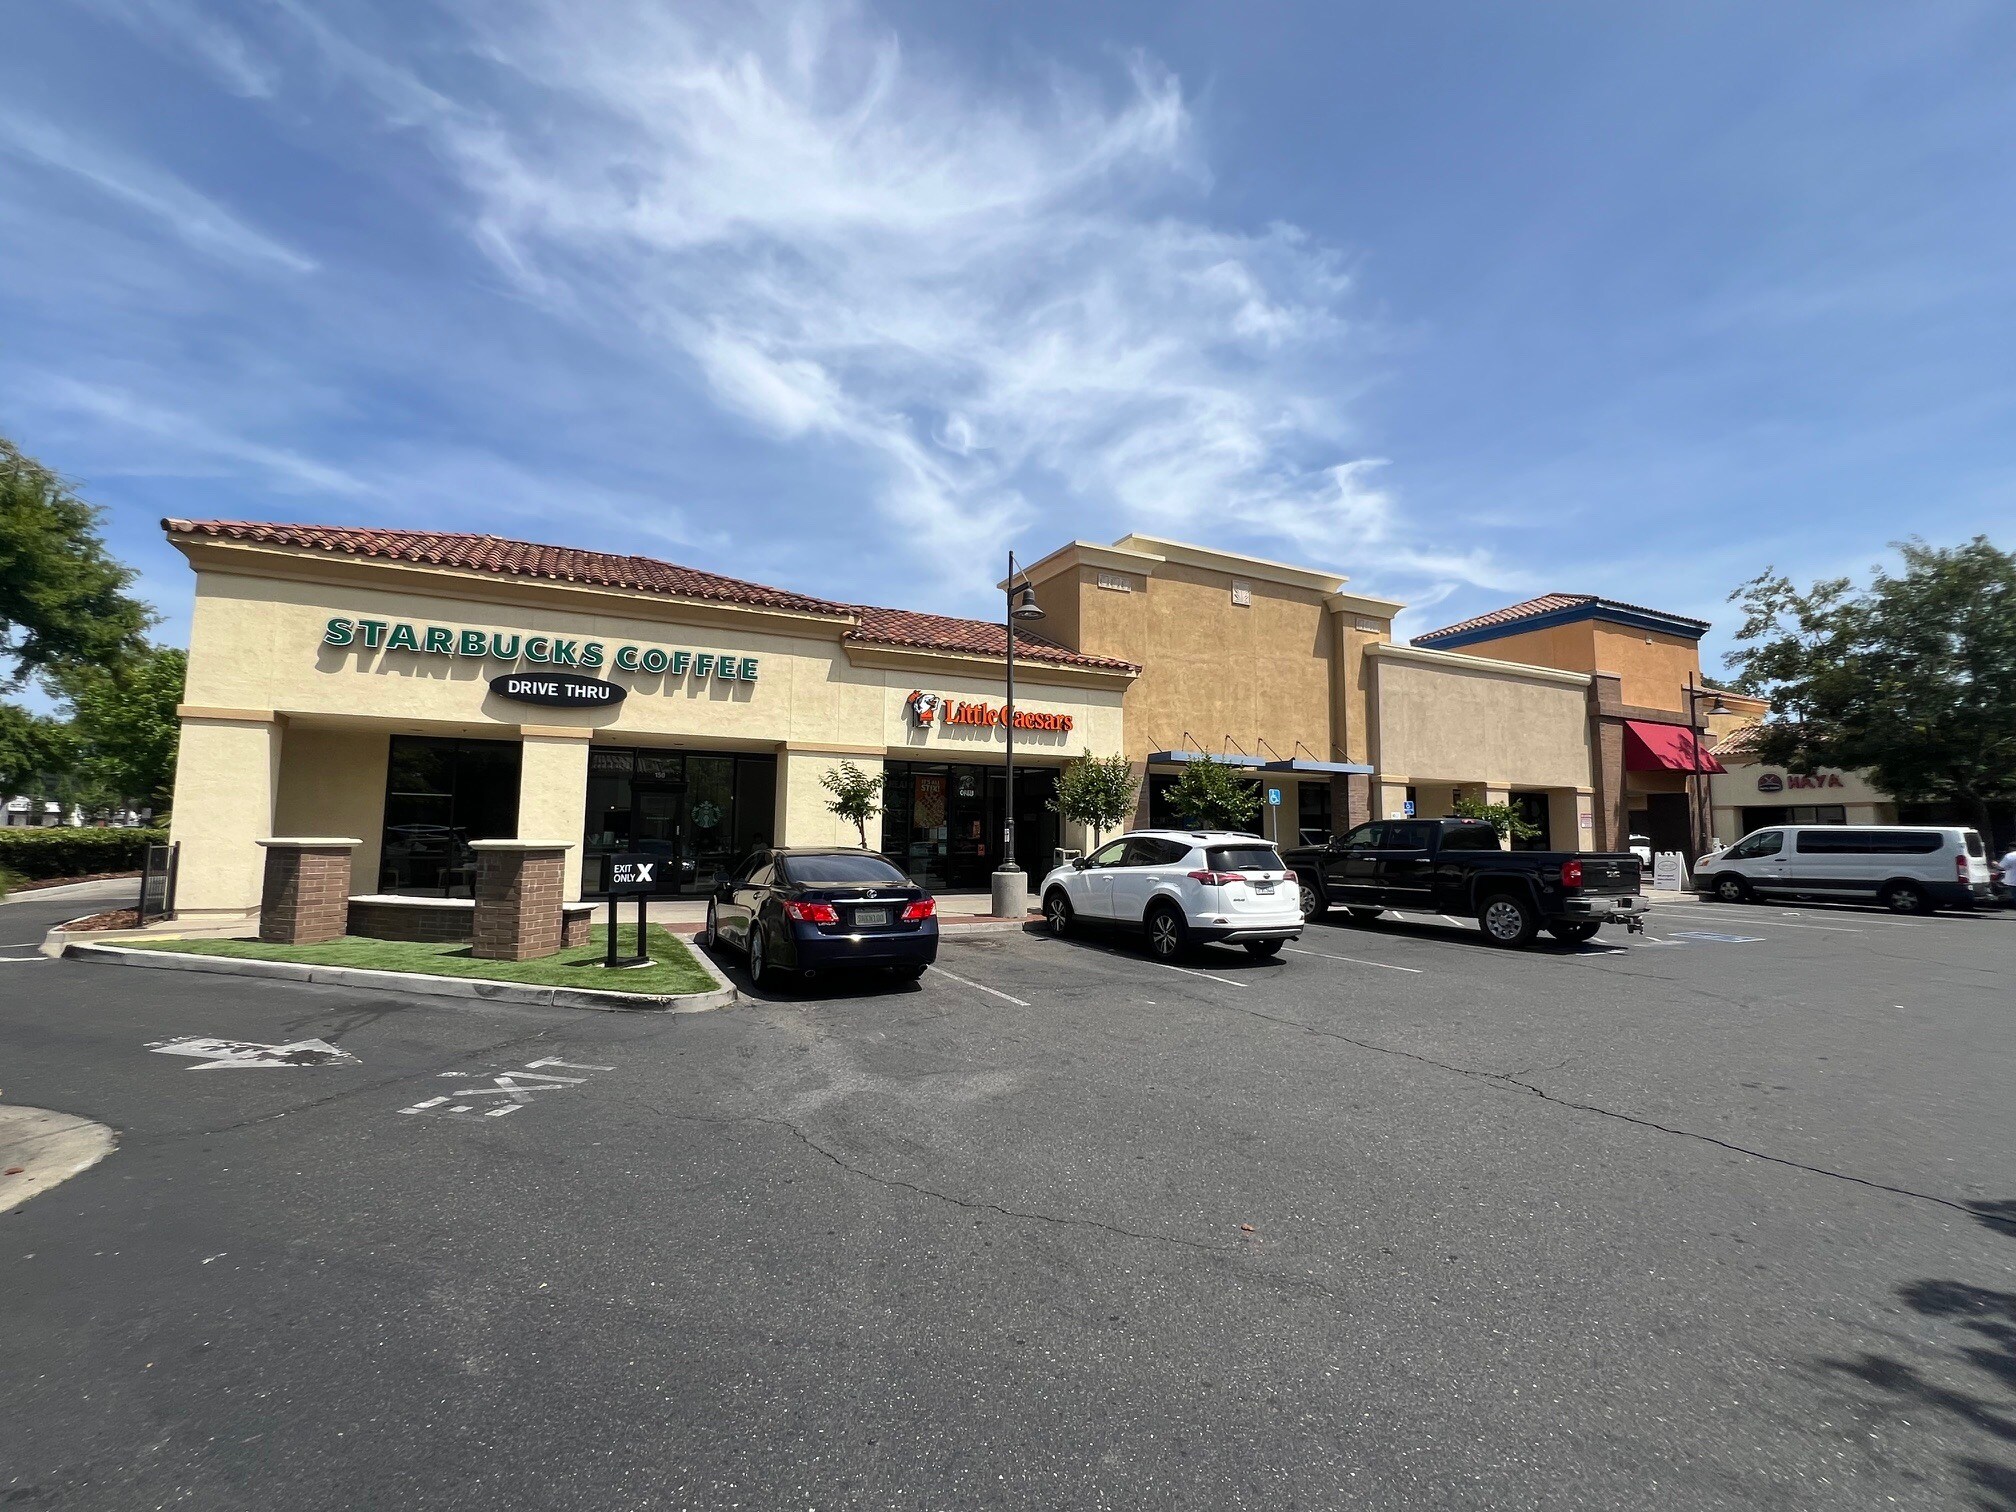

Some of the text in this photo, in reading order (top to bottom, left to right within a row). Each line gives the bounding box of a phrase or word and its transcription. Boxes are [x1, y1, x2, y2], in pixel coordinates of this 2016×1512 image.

[323, 616, 758, 682] STARBUCKS COFFEE
[508, 680, 610, 699] DRIVE THRU
[944, 700, 1073, 731] Little Caesars
[613, 873, 636, 883] ONLY
[614, 864, 633, 873] EXIT
---------------
● **Exercise prompt**
Pictures aside, every entry above must be repeated exactly.

● **Exercise result**
Some of the text in this photo, in reading order (top to bottom, left to right within a row). Each line gives the bounding box of a phrase or word and its transcription. Boxes are [x1, y1, x2, y2], in pixel coordinates of this 2016×1512 image.

[323, 616, 758, 682] STARBUCKS COFFEE
[508, 680, 610, 699] DRIVE THRU
[944, 700, 1073, 731] Little Caesars
[613, 873, 636, 883] ONLY
[614, 864, 633, 873] EXIT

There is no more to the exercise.